▶ **TASK STATEMENT**
Please transcribe the entries exactly and omit the images they contain.

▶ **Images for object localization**
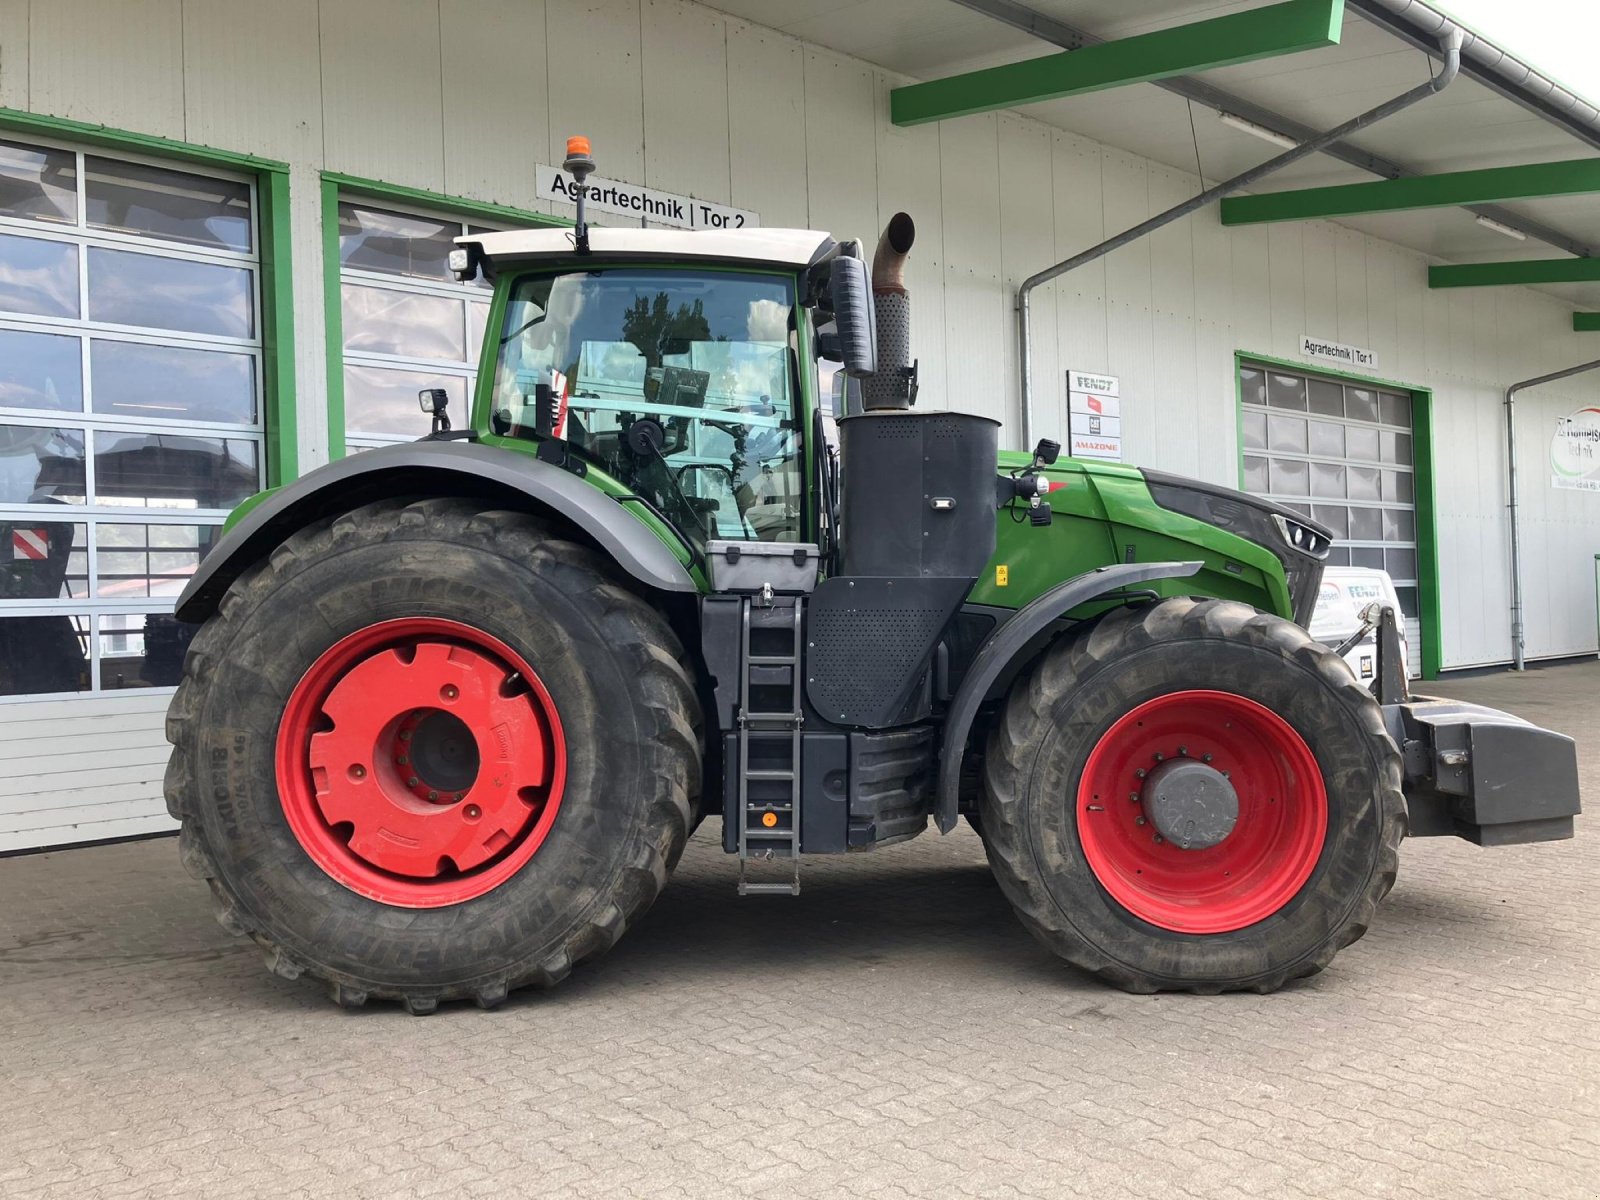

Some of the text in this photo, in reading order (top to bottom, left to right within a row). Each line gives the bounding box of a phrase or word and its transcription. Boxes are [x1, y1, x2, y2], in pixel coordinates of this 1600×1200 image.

[700, 205, 730, 228] Tor
[735, 213, 745, 228] 2
[1304, 339, 1351, 360] Agrartechnik
[1356, 350, 1367, 363] Tor
[1077, 376, 1113, 391] FENDT
[1075, 439, 1118, 451] AMAZONE
[1348, 585, 1381, 598] FENDT
[233, 735, 246, 754] 46
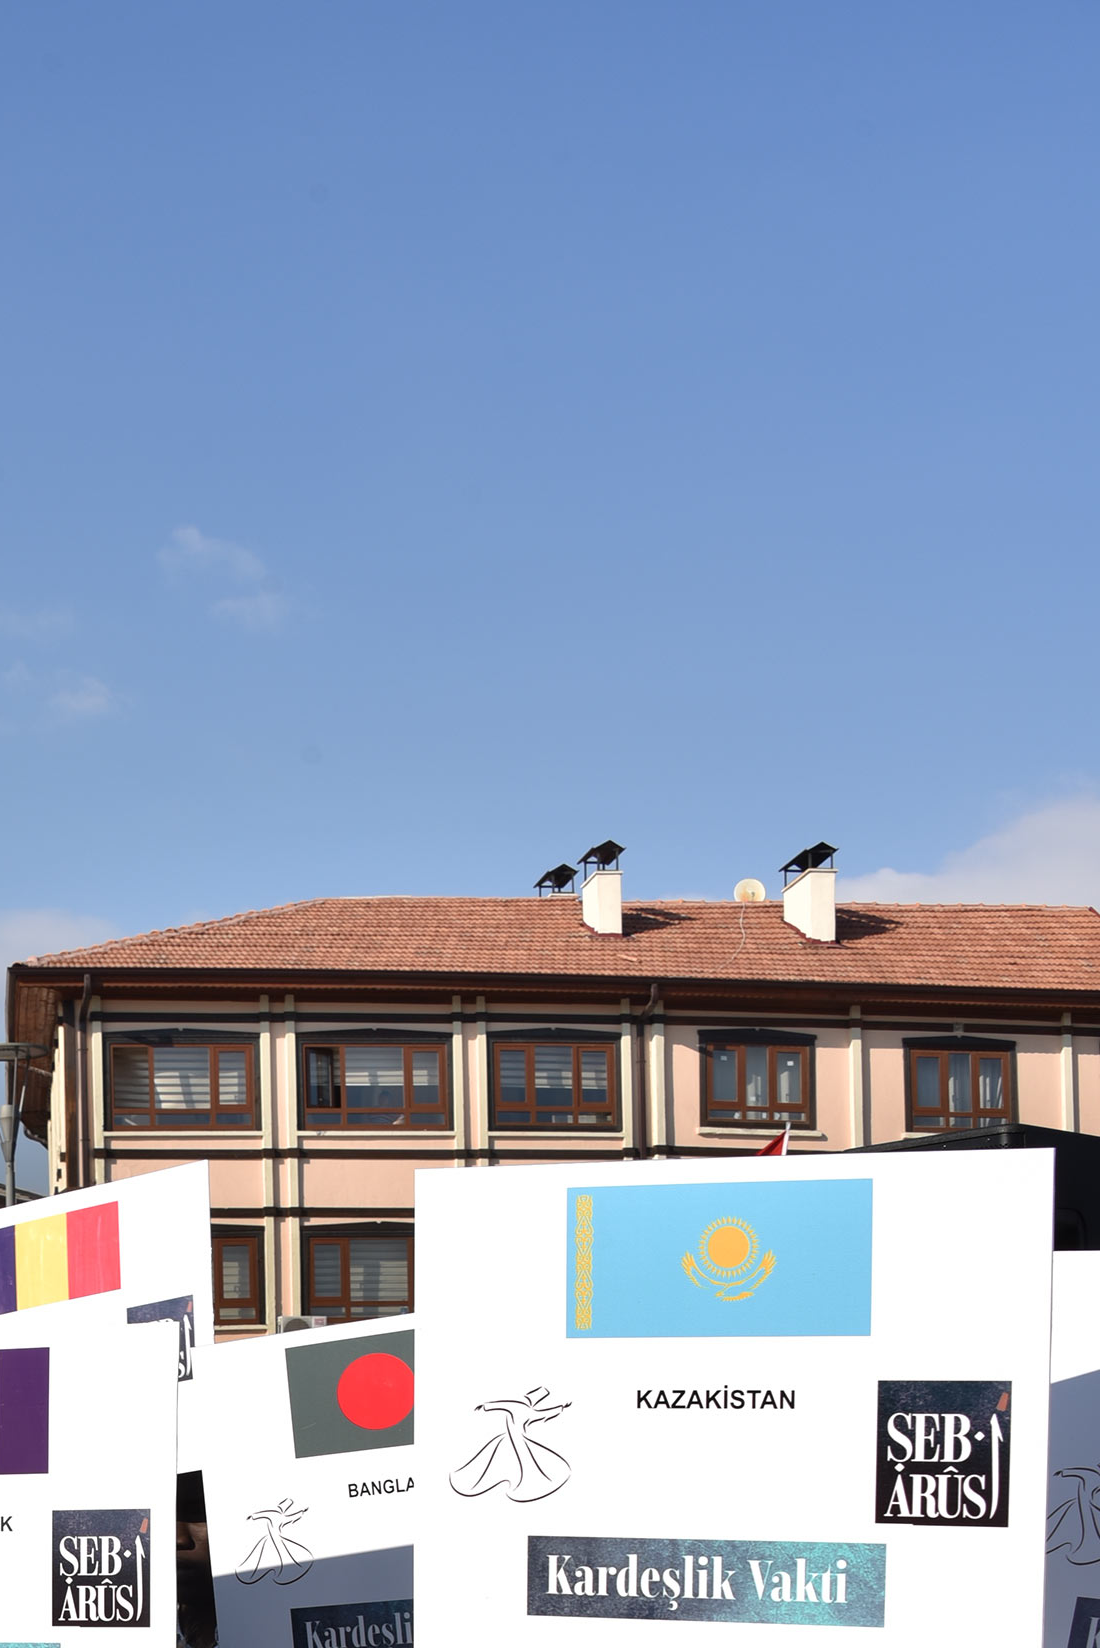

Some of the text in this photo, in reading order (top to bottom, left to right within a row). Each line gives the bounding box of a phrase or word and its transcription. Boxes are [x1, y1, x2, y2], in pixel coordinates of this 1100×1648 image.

[636, 1386, 796, 1410] KAZAKİSTAN
[545, 1553, 849, 1610] Kardeşlik Vakti

▶ **OUTPUT FOR THIS EXERCISE**
Some of the text in this photo, in reading order (top to bottom, left to right within a row). Each line gives the bounding box of a phrase or word and its transcription. Boxes are [x1, y1, x2, y2], in pixel coordinates of this 1600×1200 image.

[700, 205, 730, 228] Tor
[735, 213, 745, 228] 2
[1304, 339, 1351, 360] Agrartechnik
[1356, 350, 1367, 363] Tor
[1077, 376, 1113, 391] FENDT
[1075, 439, 1118, 451] AMAZONE
[1348, 585, 1381, 598] FENDT
[233, 735, 246, 754] 46

Some of the text in this photo, in reading order (top to bottom, left to right within a row). Each line gives the bounding box of a phrase or word and its transcription. Boxes are [x1, y1, x2, y2], in pixel coordinates of this 1100×1648 image.

[636, 1386, 796, 1410] KAZAKİSTAN
[545, 1553, 849, 1610] Kardeşlik Vakti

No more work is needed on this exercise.